Output the line containing "Some of the words" and all subsequent lines of the listing below, copied exactly, with no other lines.

┄┄┄┄┄┄┄┄┄┄

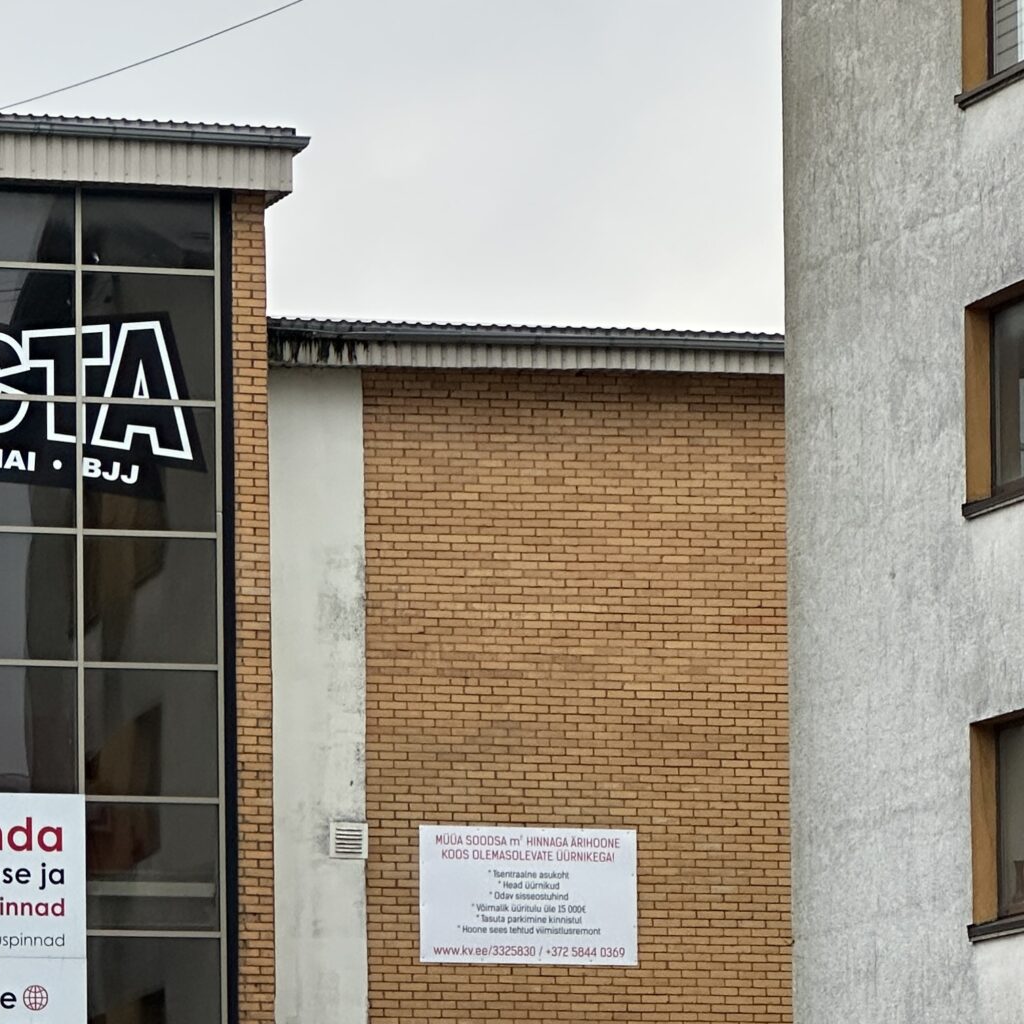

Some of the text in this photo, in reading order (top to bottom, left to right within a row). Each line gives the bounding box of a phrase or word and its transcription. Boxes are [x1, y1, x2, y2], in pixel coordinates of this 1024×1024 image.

[81, 457, 140, 484] BJJ
[435, 833, 463, 846] MÜÜA
[466, 834, 507, 846] SOODSA
[526, 836, 569, 848] HINNAGA
[571, 835, 621, 849] ÄRIHOONE
[442, 849, 469, 860] KOOS
[473, 849, 553, 861] OLEMASOLEVATE
[39, 862, 65, 890] ja
[493, 869, 569, 879] Tsentraalne asukoht
[503, 880, 560, 890] Head üürnikud
[494, 891, 569, 901] Odav sisseostuhind
[476, 903, 509, 912] Võimalik
[544, 904, 556, 913] üle
[558, 905, 566, 913] 15
[568, 905, 587, 913] 000€
[481, 914, 582, 924] Tasuta parkimine kinnistul
[462, 925, 487, 934] Hoone
[509, 926, 534, 934] tehtud
[536, 926, 601, 935] viimistlusremont
[433, 945, 536, 957] www.kv.ee/3325830
[546, 946, 569, 957] +372
[571, 947, 597, 958] 5844
[600, 947, 626, 958] 0369
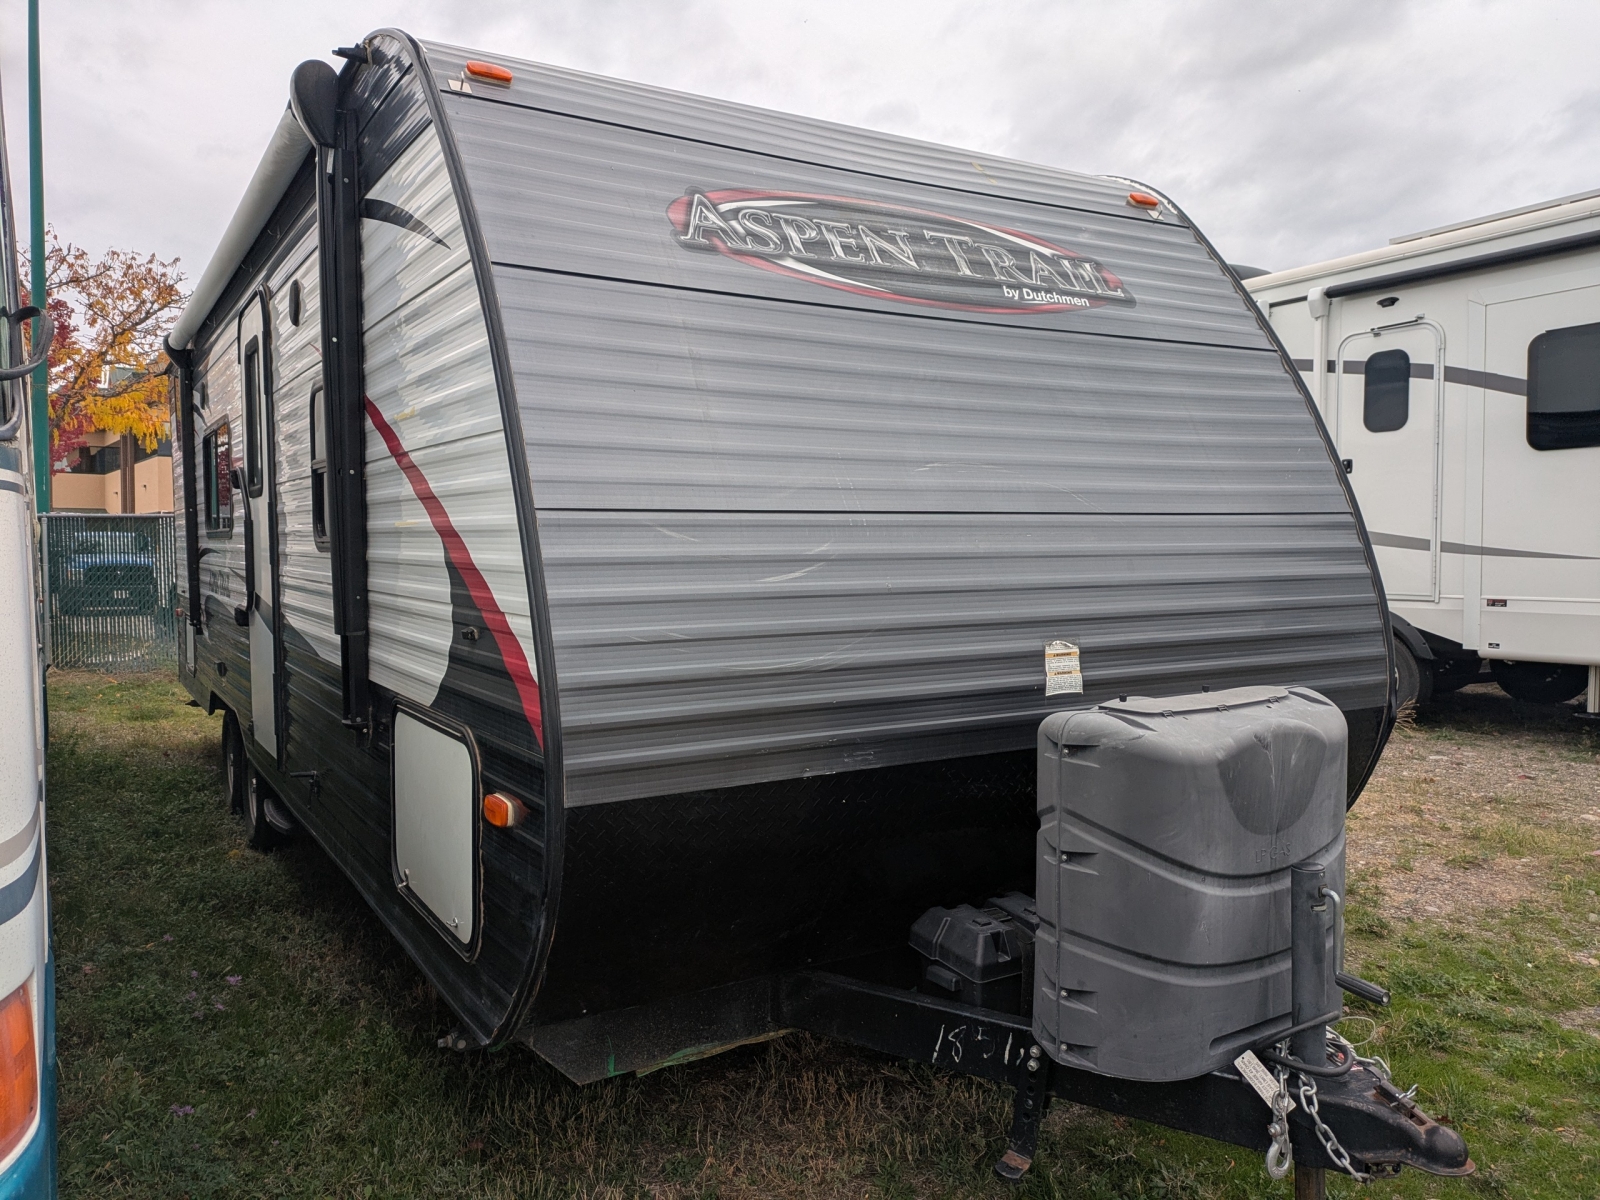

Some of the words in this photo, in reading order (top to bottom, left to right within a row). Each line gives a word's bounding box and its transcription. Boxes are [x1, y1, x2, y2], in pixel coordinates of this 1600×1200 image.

[679, 193, 922, 272] ASPEN
[923, 229, 1125, 298] TRAIL
[1003, 285, 1020, 300] by
[1022, 287, 1090, 308] Dutchmen

┄┄┄┄┄┄┄┄┄┄

## [YOUR SOLUTION]
Some of the words in this photo, in reading order (top to bottom, left to right within a row). Each line gives a word's bounding box and its transcription. Boxes are [x1, y1, x2, y2], in pixel coordinates of this 1600×1200 image.

[679, 193, 922, 272] ASPEN
[923, 229, 1125, 298] TRAIL
[1003, 285, 1020, 300] by
[1022, 287, 1090, 308] Dutchmen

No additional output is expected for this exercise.